Spartina salt marshes are broad nearly level meadows dominated by several species of grasses that are tolerant of salt and anoxic sediment. Broad meadows are interspersed with creeks that are biologically rich, owing to the rich supply of organic matter and the provision of protected habitats for many species.

Spartina is a terrestrial flowering plant, with underground roots that extend below ground horizontally in a rhizome system, where shoot come up a few cm or more from the original plant. But below ground there is a complex microbial system associated with the roots, including a microbial mycorhizae system, that takes up nitrogen. The ribbed mussel Geukensia demissa attaches to these roots. It feeds on suspended phytoplankton, but its biodeposits introduce nutrients, especially nitrogen, into the marsh sediments. So we have a complicated plant-microbial-animal interactive system.

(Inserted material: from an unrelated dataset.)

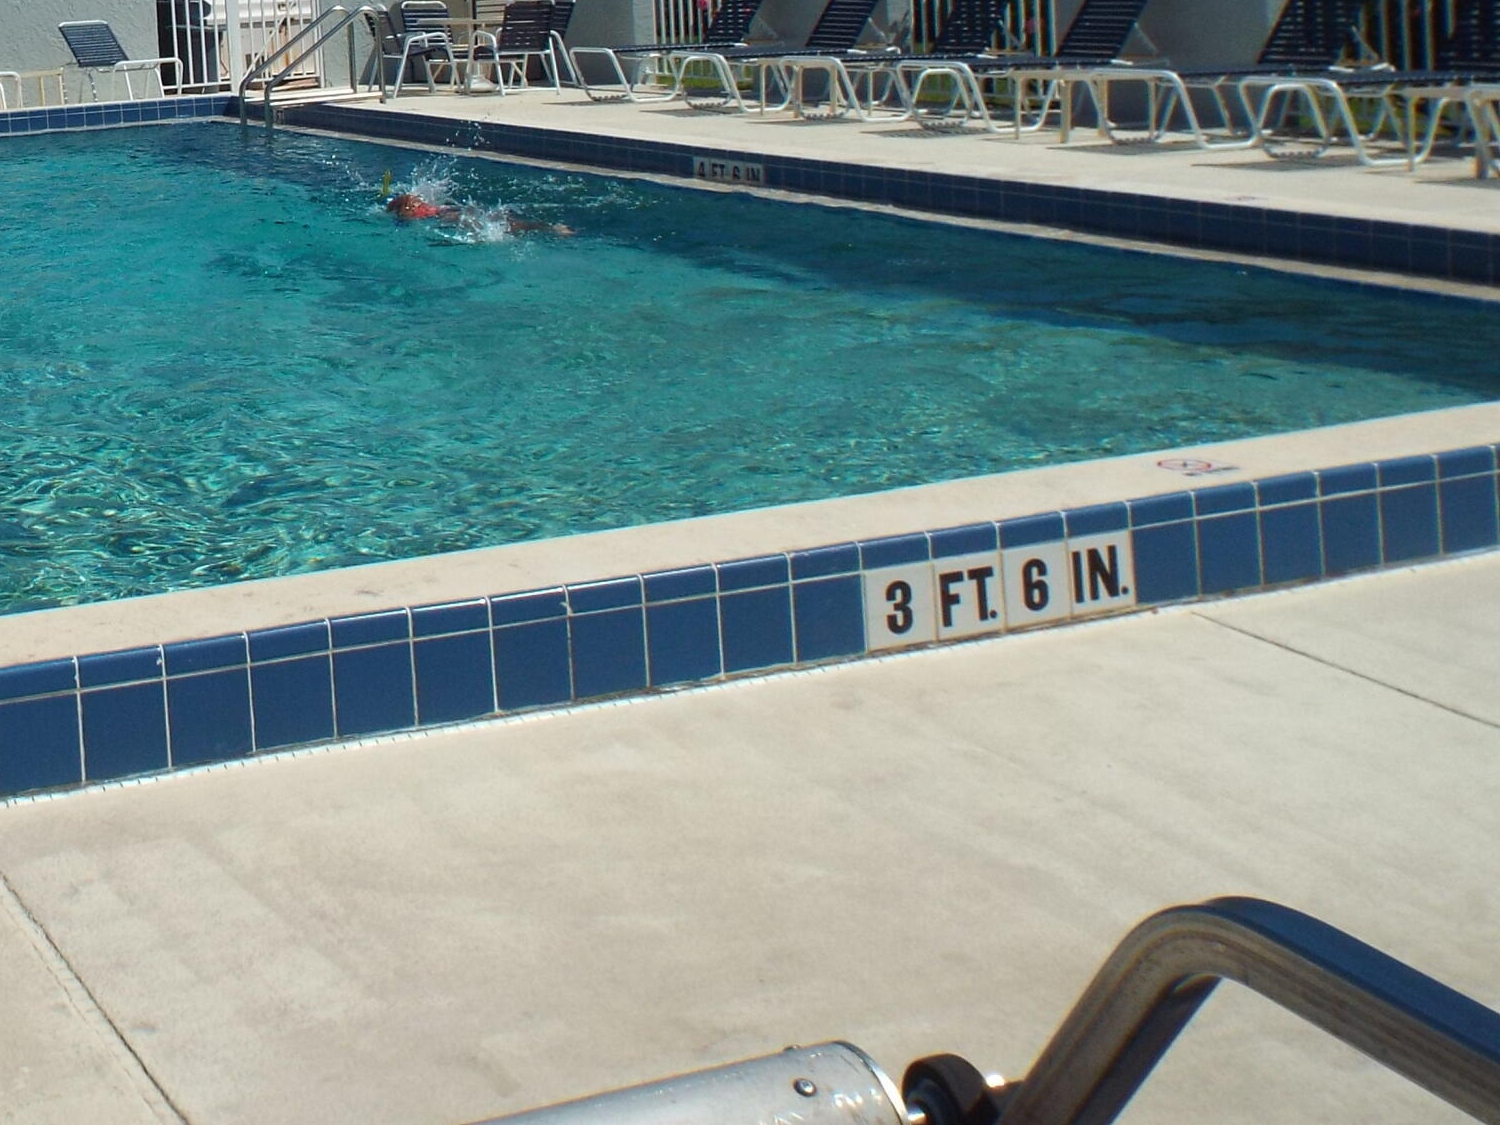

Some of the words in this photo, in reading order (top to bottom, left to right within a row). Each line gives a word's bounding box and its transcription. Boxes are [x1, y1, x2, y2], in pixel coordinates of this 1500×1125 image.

[885, 579, 914, 635] 3
[938, 565, 998, 628] FT.
[1021, 558, 1049, 612] 6
[1071, 544, 1130, 604] IN.

Spartina meadows have a general zonation as pictured above (this is adapted from figure published by Bertness et al. 2002). This zonation works when there is a simple incline but West Meadow has a complex meadow with ups and downs, so the simple zonation is often not present. But the salt grass Spartina alterniflora is usually lowest and terrestrial plants like marsh elder are highest.

Marsh elder Iva frutescens is a terrestrial shrub, found above the highest salt marsh plants.

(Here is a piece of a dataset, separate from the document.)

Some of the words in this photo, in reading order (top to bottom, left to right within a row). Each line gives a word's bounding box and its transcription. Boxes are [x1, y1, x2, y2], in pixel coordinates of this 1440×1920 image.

Sea lavendar Limnonium carolinanum comes into flower in July-August and is found above the highest salt marsh grasses. Plants are usually about 12 inches high.

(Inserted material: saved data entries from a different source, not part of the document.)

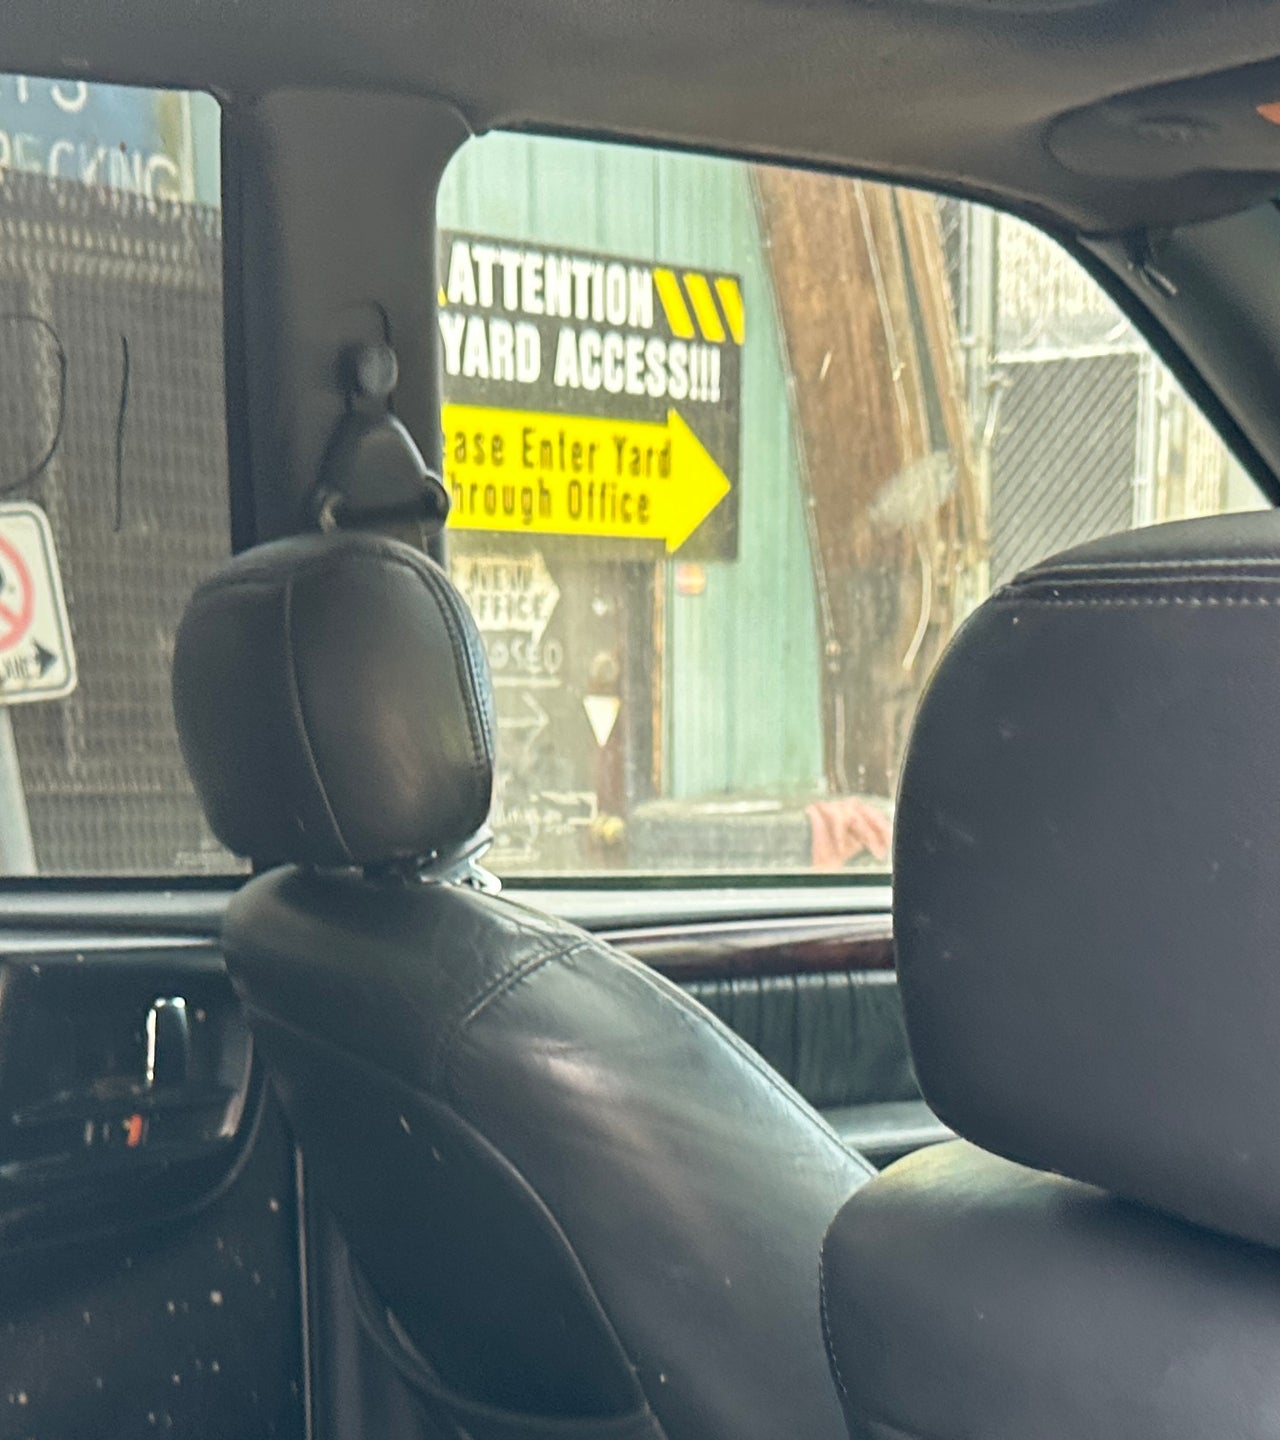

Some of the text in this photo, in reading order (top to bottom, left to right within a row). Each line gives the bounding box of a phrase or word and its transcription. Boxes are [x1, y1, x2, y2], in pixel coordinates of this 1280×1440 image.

[447, 240, 654, 329] ATTENTION
[439, 312, 720, 402] YARD ACCESS!!!
[521, 427, 597, 473] Enter
[612, 435, 672, 479] Yard
[568, 479, 650, 525] Office
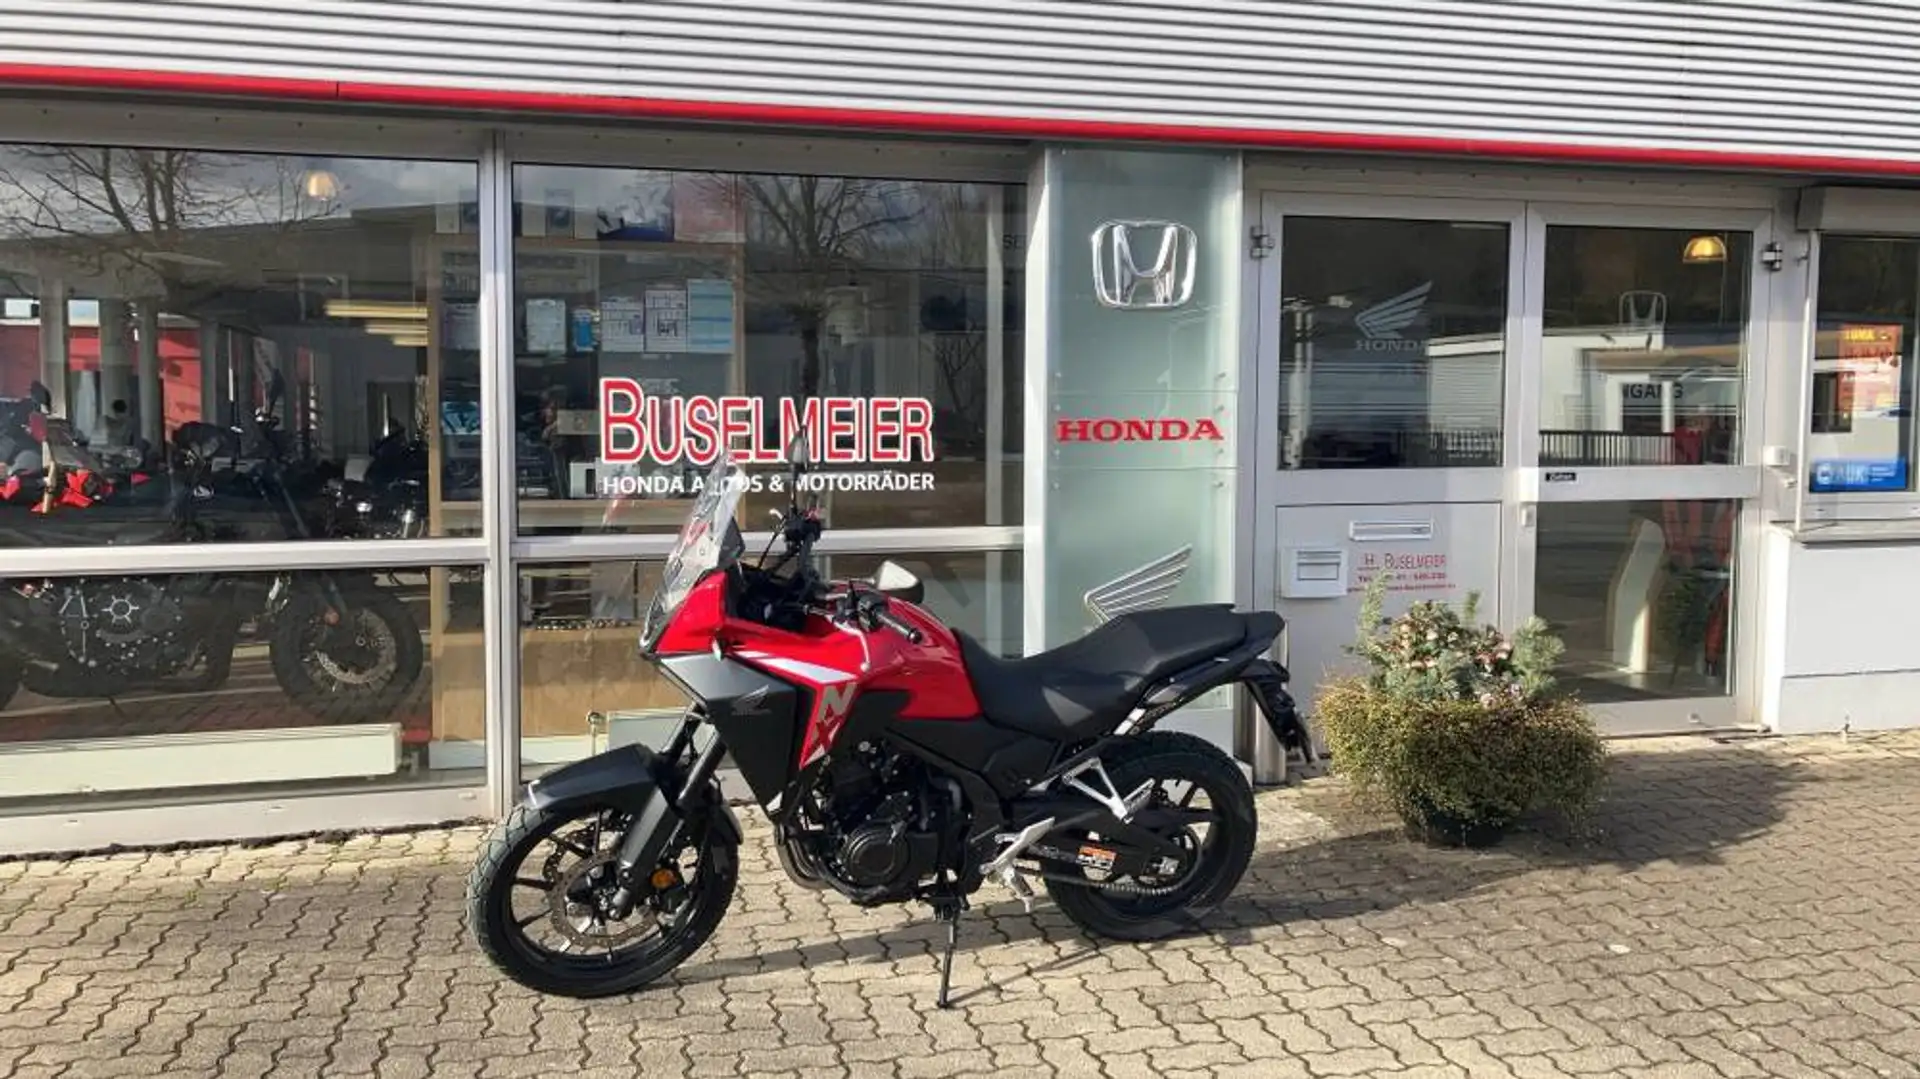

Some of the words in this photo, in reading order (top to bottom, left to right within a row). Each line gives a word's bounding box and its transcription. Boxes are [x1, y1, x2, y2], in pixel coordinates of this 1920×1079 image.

[600, 378, 934, 463] BUSELMEIER
[1057, 420, 1224, 442] HONDA
[604, 475, 684, 495] HONDA
[769, 473, 785, 492] &
[796, 470, 935, 491] MOTORRÄDER
[803, 681, 858, 766] NX

A salt marsh is “born” by the arrival of a seed or the rafting of a plant of the cord grass Spartina alterniflora. The grass spreads asexually by means of a subterranean rhizome system. The grass becomes dense and forms a baffle, which encourages the deposition of fine particulate sediment, including organic matter (salt marsh peat). This, in effect, causes a rise of the sediment surface and makes the habitat more terrestrial. As this happens, other somewhat less salt-tolerant grasses are able to invade. Eventually, this series of invasions and takeovers leads to a vertical zonation of grasses and a spread of the entire marsh system.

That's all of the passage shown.